[Stored items]
---*---
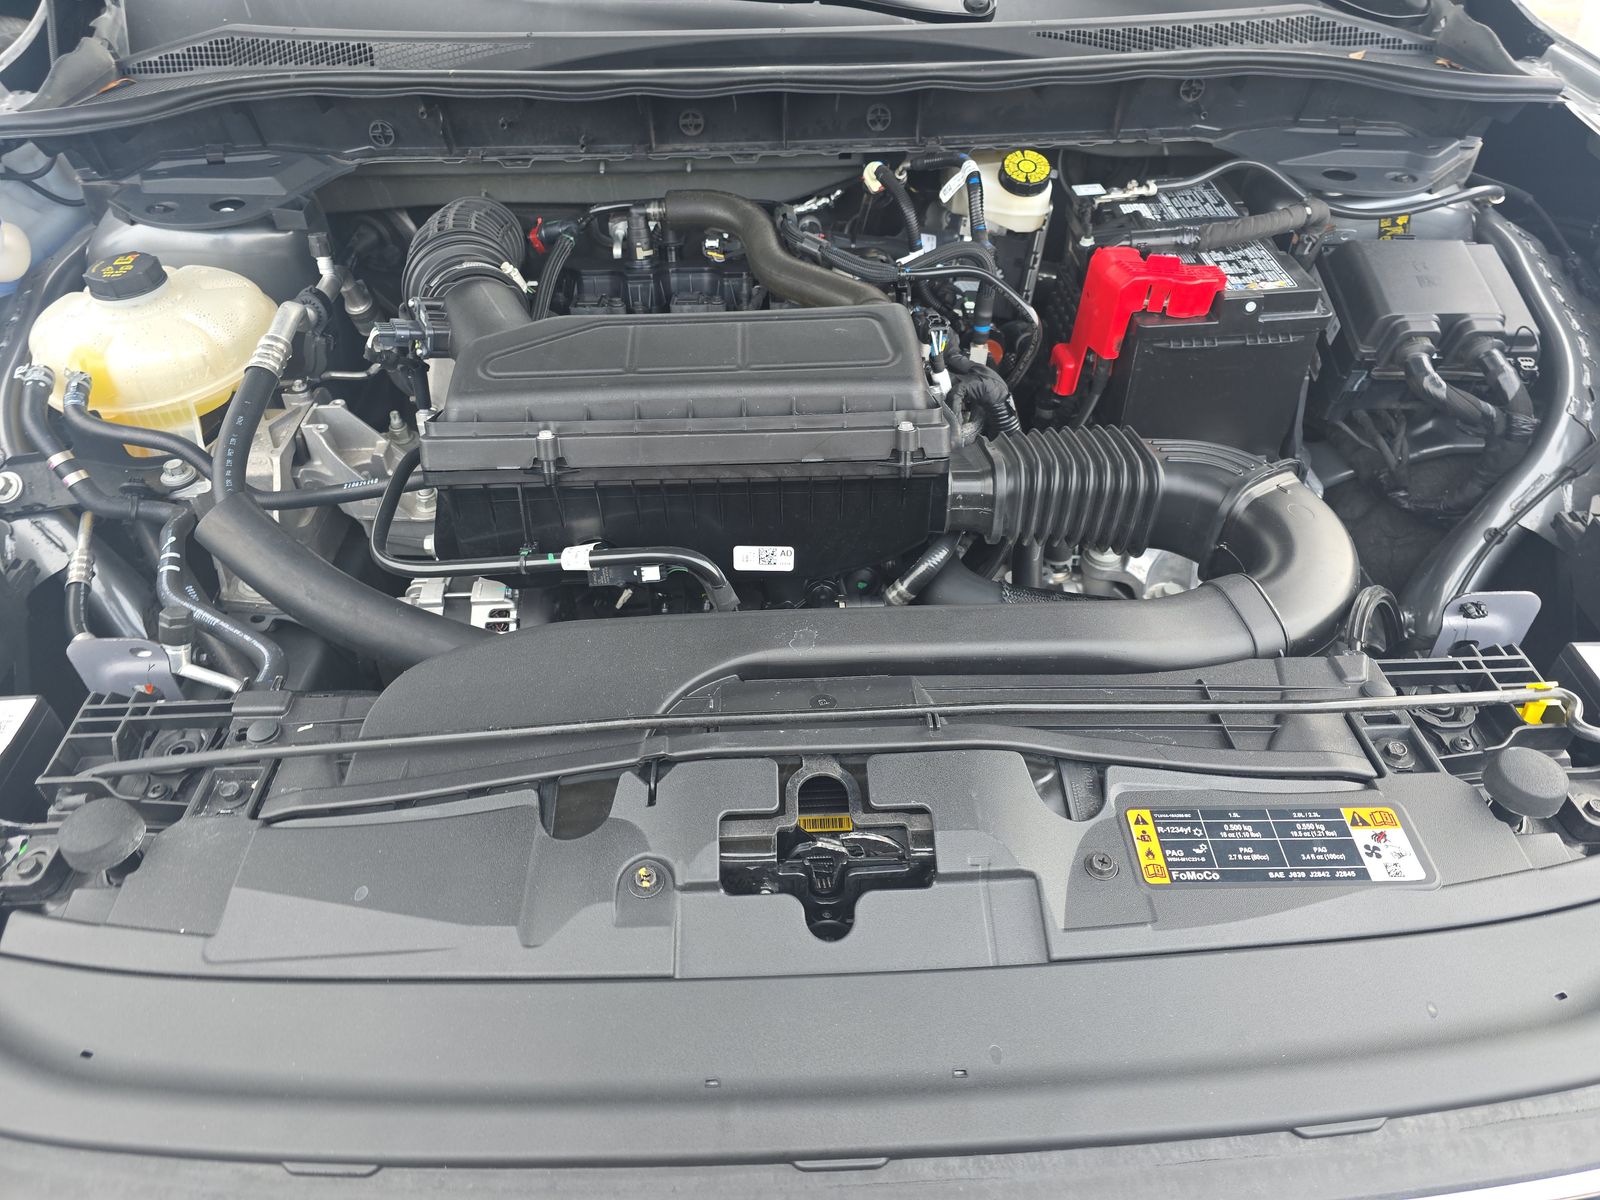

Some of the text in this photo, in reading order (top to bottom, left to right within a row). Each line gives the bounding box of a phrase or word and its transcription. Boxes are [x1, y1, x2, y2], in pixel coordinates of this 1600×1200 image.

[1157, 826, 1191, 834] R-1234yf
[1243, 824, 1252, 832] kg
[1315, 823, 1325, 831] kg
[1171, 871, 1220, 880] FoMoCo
---*---
# TASK BRIEF:
Your copy must reproduce the entries above in full, without their pictures.

# SOLVED EXERCISE:
Some of the text in this photo, in reading order (top to bottom, left to right within a row). Each line gives the bounding box of a phrase or word and its transcription. Boxes are [x1, y1, x2, y2], in pixel coordinates of this 1600×1200 image.

[1157, 826, 1191, 834] R-1234yf
[1243, 824, 1252, 832] kg
[1315, 823, 1325, 831] kg
[1171, 871, 1220, 880] FoMoCo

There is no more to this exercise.